**Supplied material**
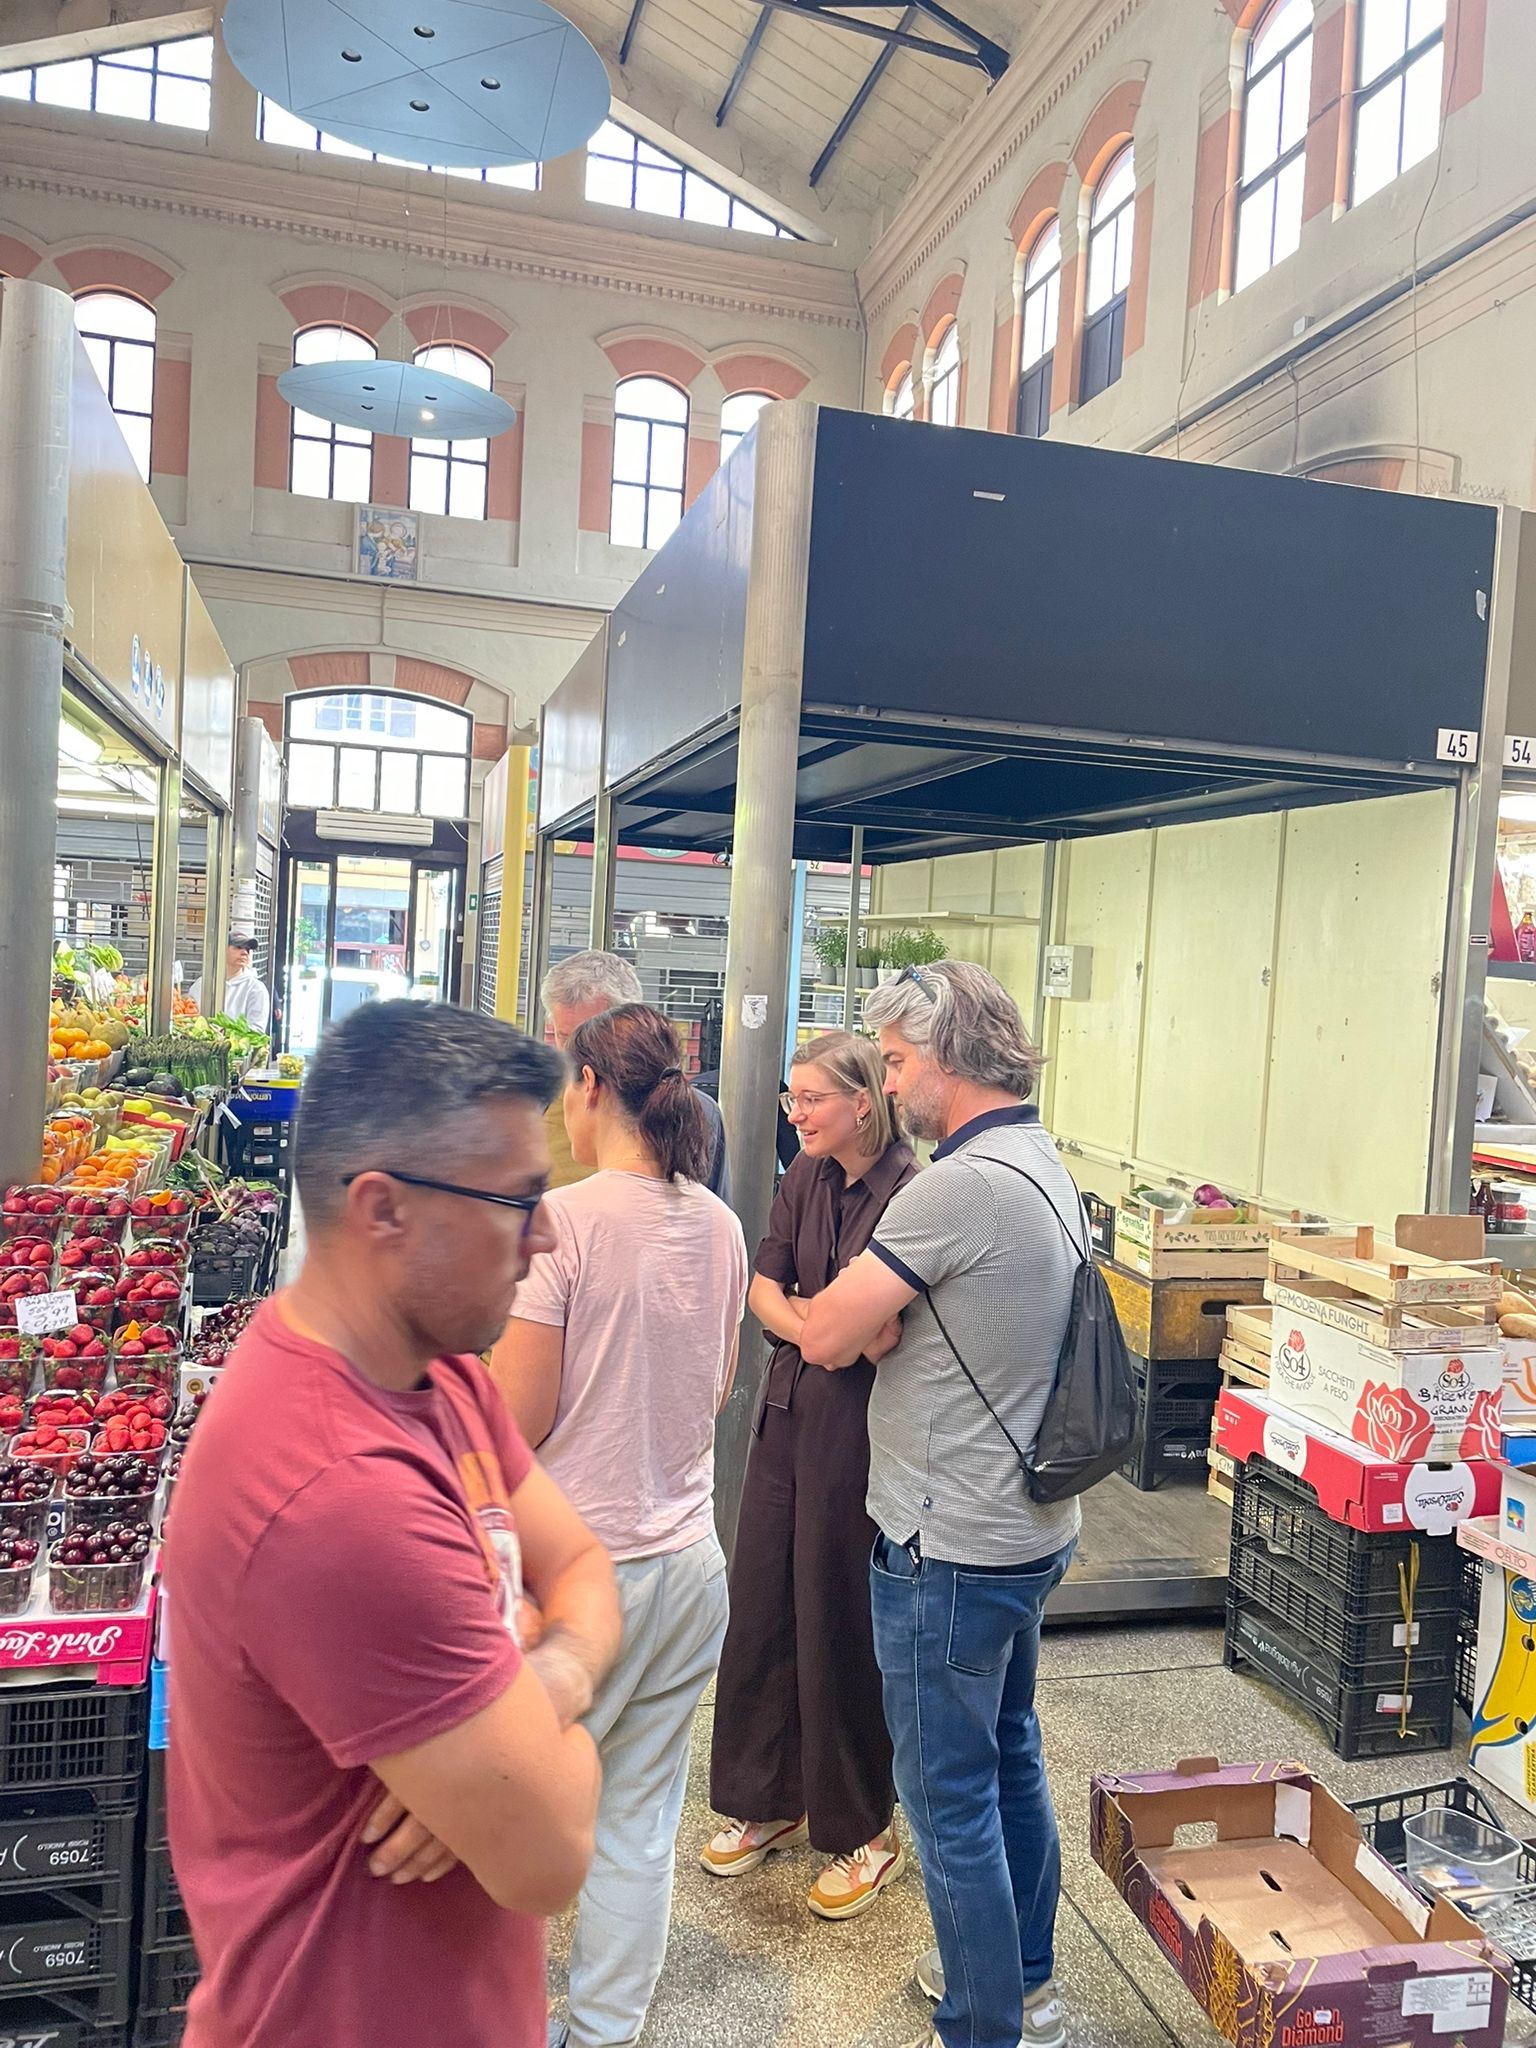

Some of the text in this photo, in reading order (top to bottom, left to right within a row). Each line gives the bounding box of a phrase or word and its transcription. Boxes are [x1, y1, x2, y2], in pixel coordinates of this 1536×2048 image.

[1447, 733, 1468, 758] 45
[1511, 739, 1531, 764] 54
[1286, 1292, 1370, 1336] MODENA FUNGHI
[1318, 1365, 1355, 1391] SACCHETTI
[1322, 1382, 1349, 1402] A PESO
[46, 1626, 122, 1659] Pink
[49, 1848, 90, 1866] 7059
[45, 1949, 85, 1968] 7059
[1296, 2005, 1340, 2028] Goln
[1281, 2020, 1345, 2047] Diamond

**How to complete this task**
In the copy, include no pictures, but repeat the listing exactly.

**Answer to this task**
Some of the text in this photo, in reading order (top to bottom, left to right within a row). Each line gives the bounding box of a phrase or word and its transcription. Boxes are [x1, y1, x2, y2], in pixel coordinates of this 1536×2048 image.

[1447, 733, 1468, 758] 45
[1511, 739, 1531, 764] 54
[1286, 1292, 1370, 1336] MODENA FUNGHI
[1318, 1365, 1355, 1391] SACCHETTI
[1322, 1382, 1349, 1402] A PESO
[46, 1626, 122, 1659] Pink
[49, 1848, 90, 1866] 7059
[45, 1949, 85, 1968] 7059
[1296, 2005, 1340, 2028] Goln
[1281, 2020, 1345, 2047] Diamond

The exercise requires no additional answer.